TO DO:
The lines below must be transcribed exactly as given, with the images removed.

────────────────────

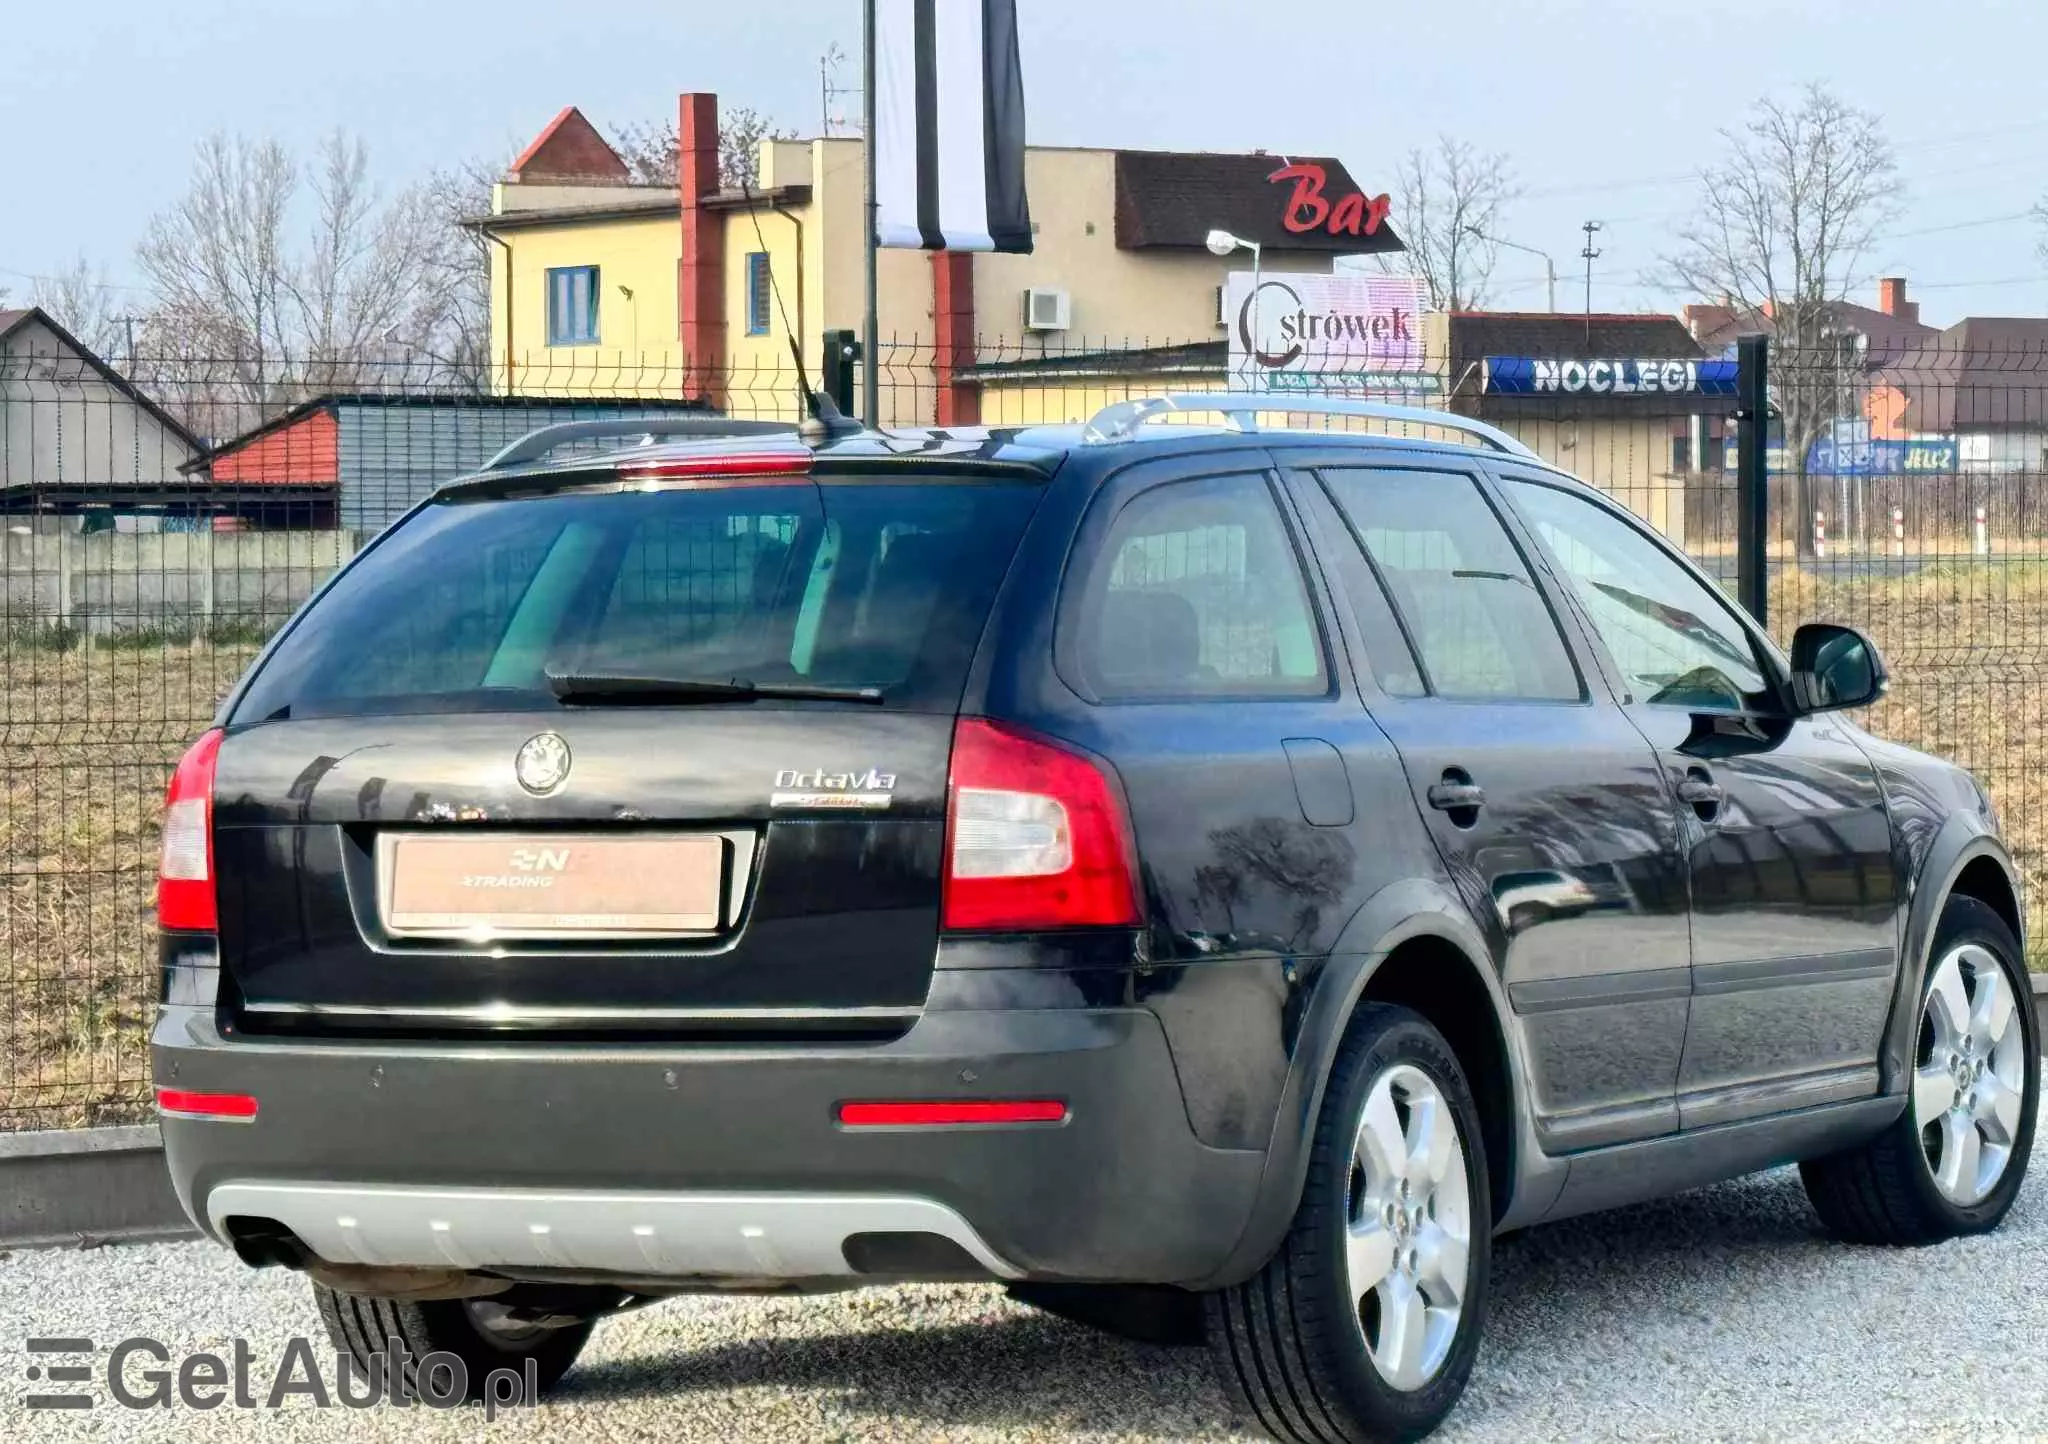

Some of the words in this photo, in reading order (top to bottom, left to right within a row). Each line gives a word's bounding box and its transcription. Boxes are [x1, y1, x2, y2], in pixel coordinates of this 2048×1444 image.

[1266, 163, 1391, 235] Bar
[1533, 360, 1697, 393] NOCLEGI
[775, 767, 897, 789] Octavia
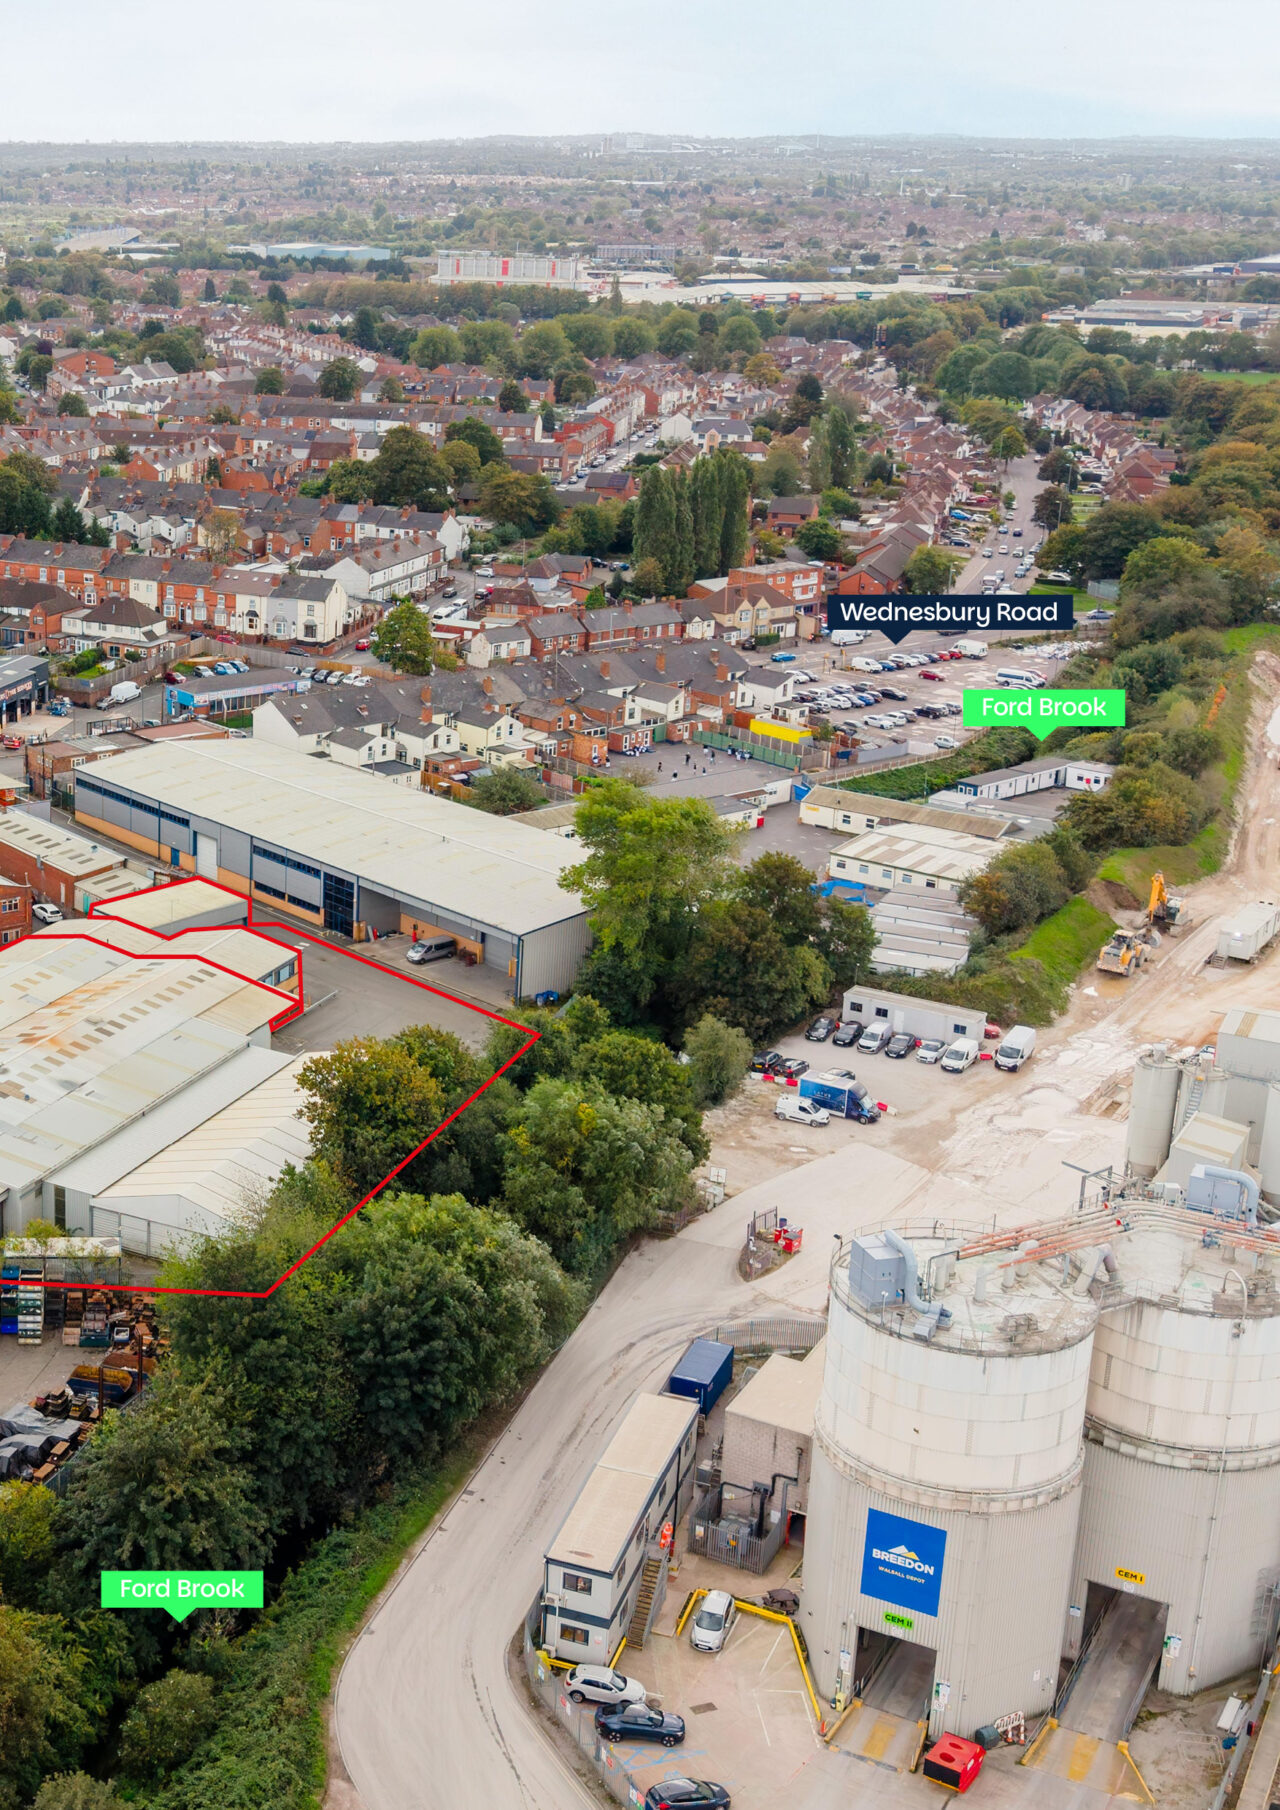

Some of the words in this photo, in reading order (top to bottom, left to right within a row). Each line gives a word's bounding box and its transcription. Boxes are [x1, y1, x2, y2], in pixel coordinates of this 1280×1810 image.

[872, 1548, 935, 1576] BREEDON
[878, 1565, 905, 1578] WALSALL
[905, 1574, 926, 1584] DEPOT
[1118, 1569, 1138, 1581] CEM
[885, 1614, 905, 1625] CEM
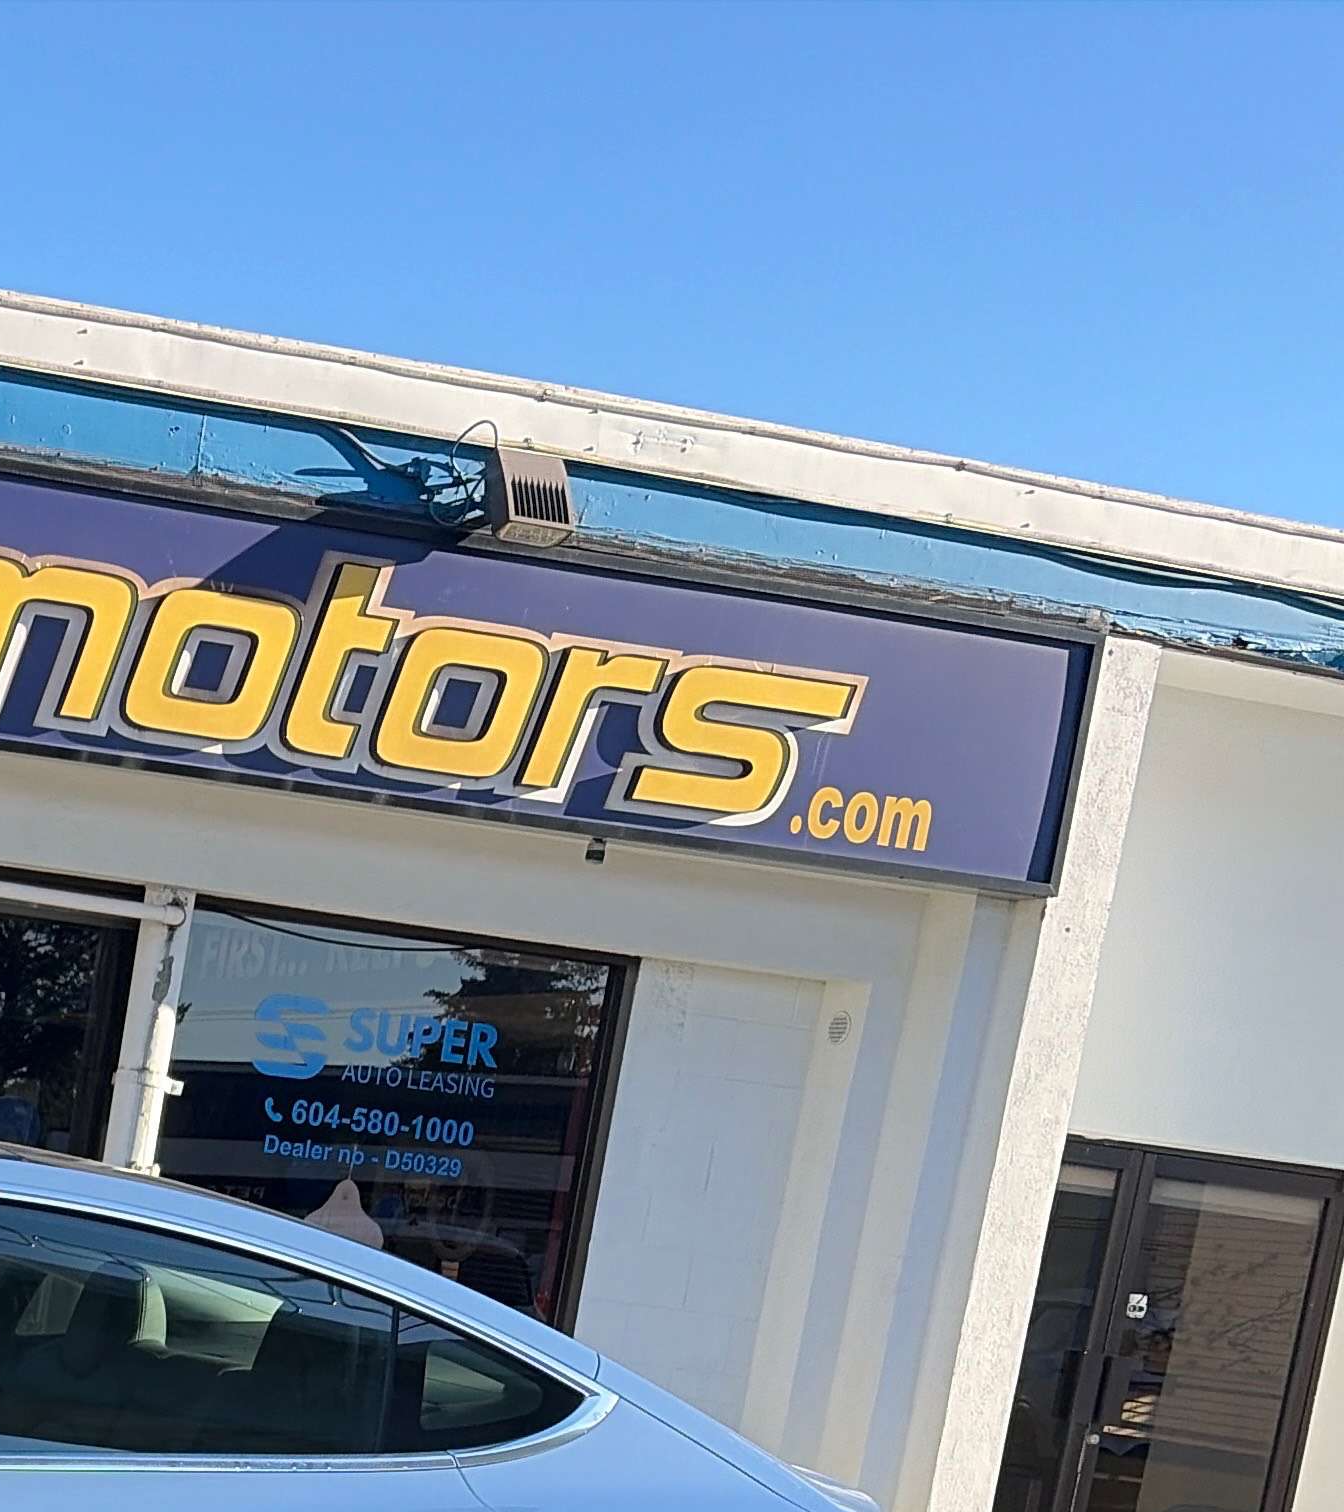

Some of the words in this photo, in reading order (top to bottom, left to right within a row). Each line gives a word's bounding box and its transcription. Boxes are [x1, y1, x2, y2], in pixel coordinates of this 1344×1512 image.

[790, 786, 932, 852] .com
[343, 1007, 499, 1069] SUPER
[341, 1064, 402, 1088] AUTO
[407, 1070, 495, 1099] LEASING
[291, 1100, 474, 1146] 604-580-1000
[263, 1134, 333, 1161] Dealer
[384, 1149, 462, 1178] D50329

────────────────────

RESULT FOR THIS EXERCISE:
Some of the words in this photo, in reading order (top to bottom, left to right within a row). Each line gives a word's bounding box and its transcription. Boxes are [x1, y1, x2, y2], in pixel coordinates of this 2048×1444 image.

[1266, 163, 1391, 235] Bar
[1533, 360, 1697, 393] NOCLEGI
[775, 767, 897, 789] Octavia

Some of the words in this photo, in reading order (top to bottom, left to right within a row). Each line gives a word's bounding box and its transcription. Boxes are [x1, y1, x2, y2], in pixel coordinates of this 1280×1810 image.

[872, 1548, 935, 1576] BREEDON
[878, 1565, 905, 1578] WALSALL
[905, 1574, 926, 1584] DEPOT
[1118, 1569, 1138, 1581] CEM
[885, 1614, 905, 1625] CEM

Some of the words in this photo, in reading order (top to bottom, left to right within a row). Each line gives a word's bounding box and its transcription. Boxes are [x1, y1, x2, y2], in pixel coordinates of this 1344×1512 image.

[790, 786, 932, 852] .com
[343, 1007, 499, 1069] SUPER
[341, 1064, 402, 1088] AUTO
[407, 1070, 495, 1099] LEASING
[291, 1100, 474, 1146] 604-580-1000
[263, 1134, 333, 1161] Dealer
[384, 1149, 462, 1178] D50329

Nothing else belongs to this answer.